[TASK TO CARRY OUT]:
The data below should be transcribed in full, with no picture included.

Saved data entries
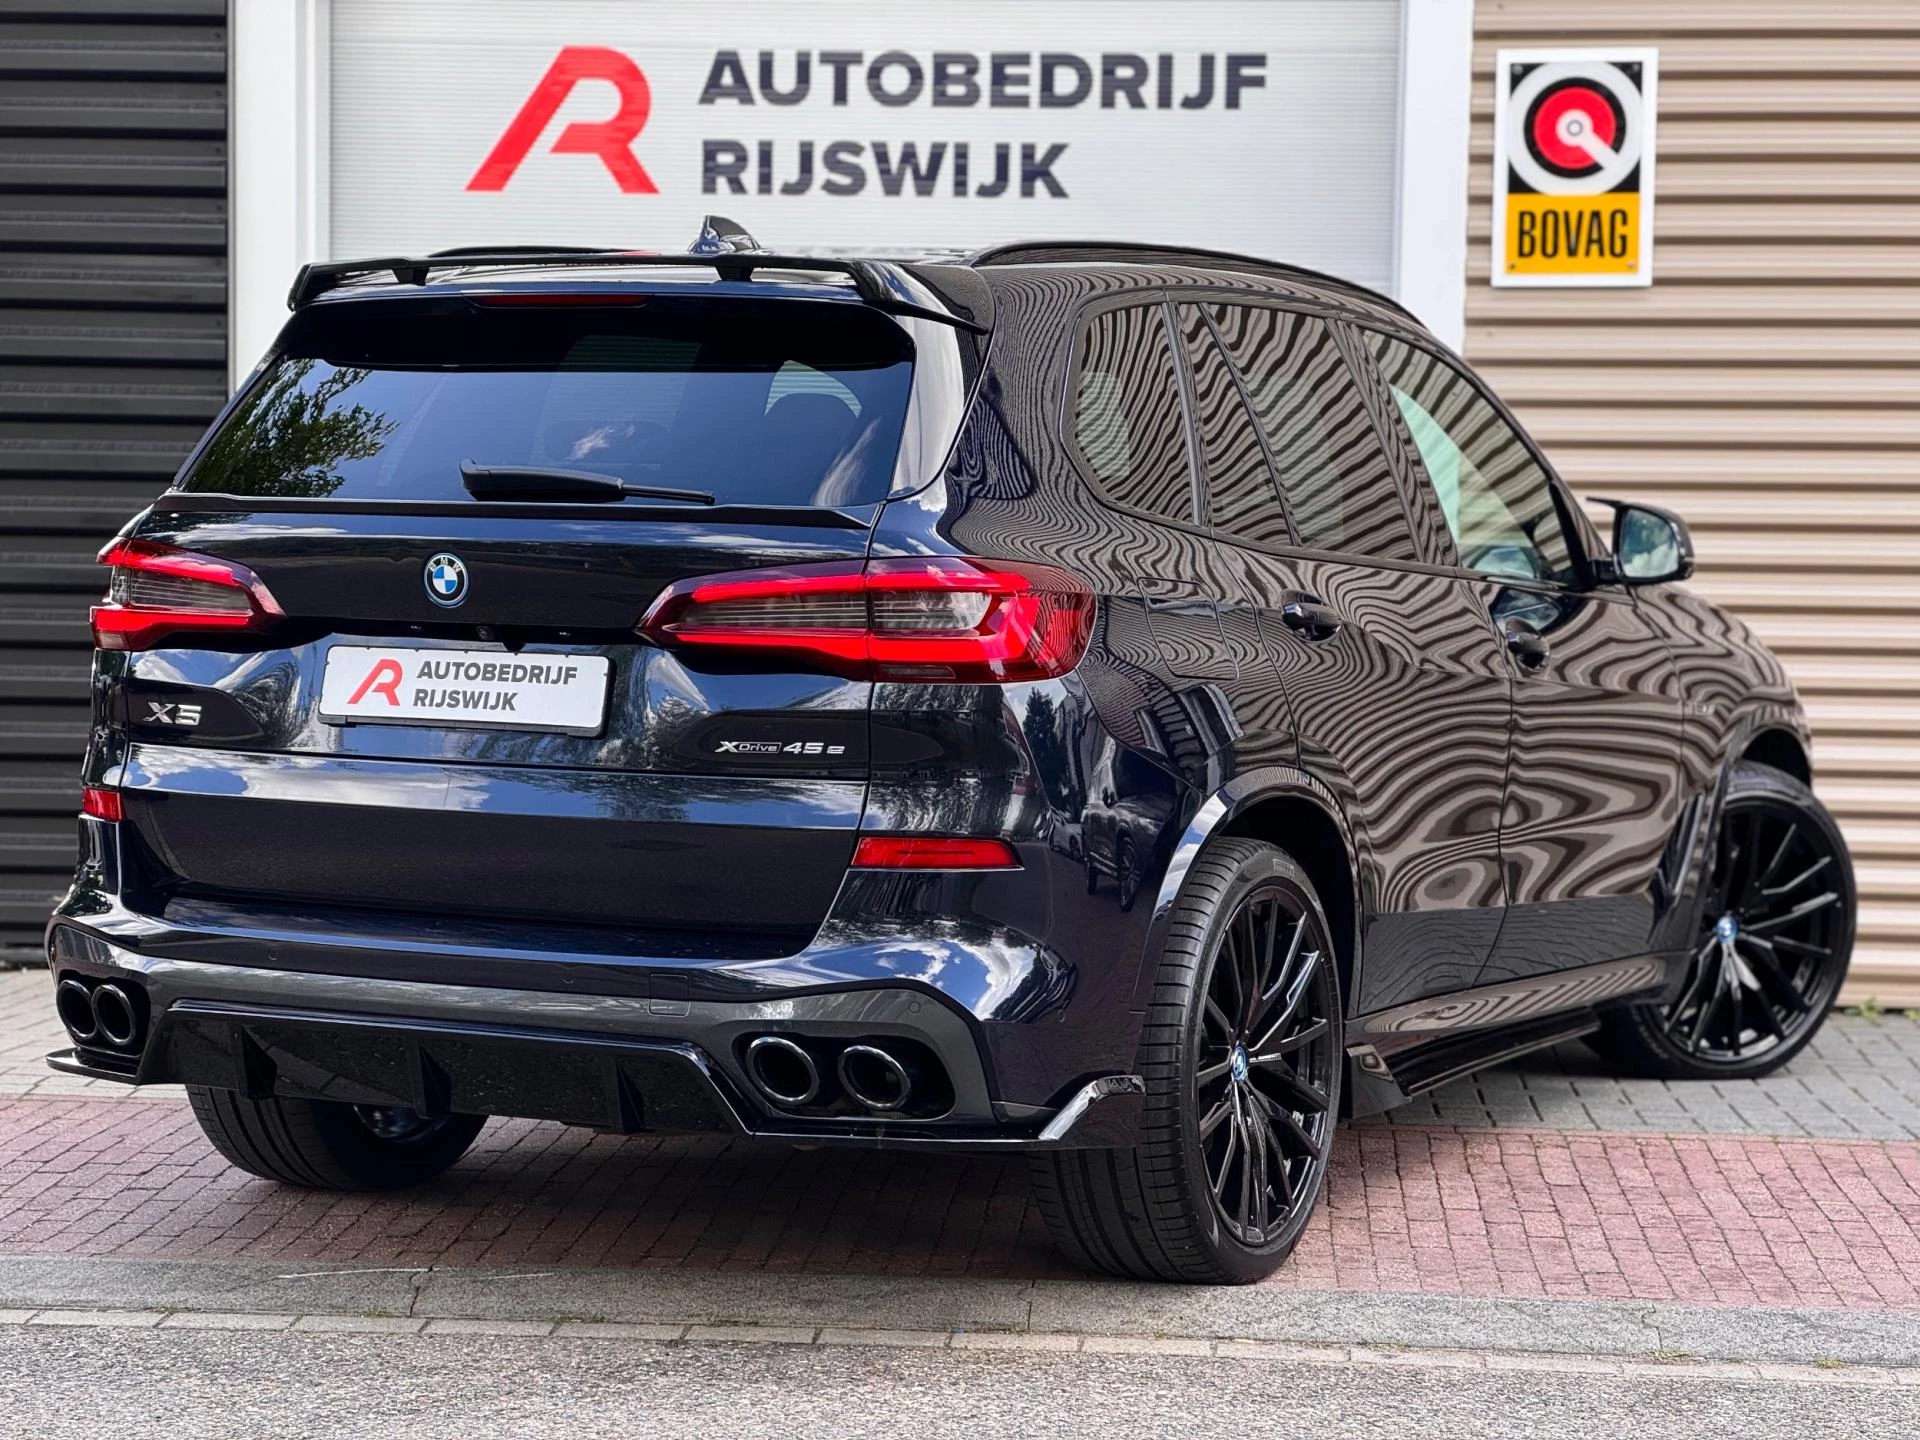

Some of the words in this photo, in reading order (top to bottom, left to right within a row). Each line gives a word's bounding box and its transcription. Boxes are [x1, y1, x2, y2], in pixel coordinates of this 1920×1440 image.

[699, 50, 1268, 111] AUTOBEDRIJF
[701, 140, 1070, 199] RIJSWIJK
[1517, 209, 1628, 258] BOVAG
[417, 661, 577, 685] AUTOBEDRIJF
[142, 702, 202, 725] X5
[413, 689, 518, 711] RIJSWIJK

[TASK OUTPUT]:
Some of the words in this photo, in reading order (top to bottom, left to right within a row). Each line gives a word's bounding box and its transcription. Boxes are [x1, y1, x2, y2], in pixel coordinates of this 1920×1440 image.

[699, 50, 1268, 111] AUTOBEDRIJF
[701, 140, 1070, 199] RIJSWIJK
[1517, 209, 1628, 258] BOVAG
[417, 661, 577, 685] AUTOBEDRIJF
[142, 702, 202, 725] X5
[413, 689, 518, 711] RIJSWIJK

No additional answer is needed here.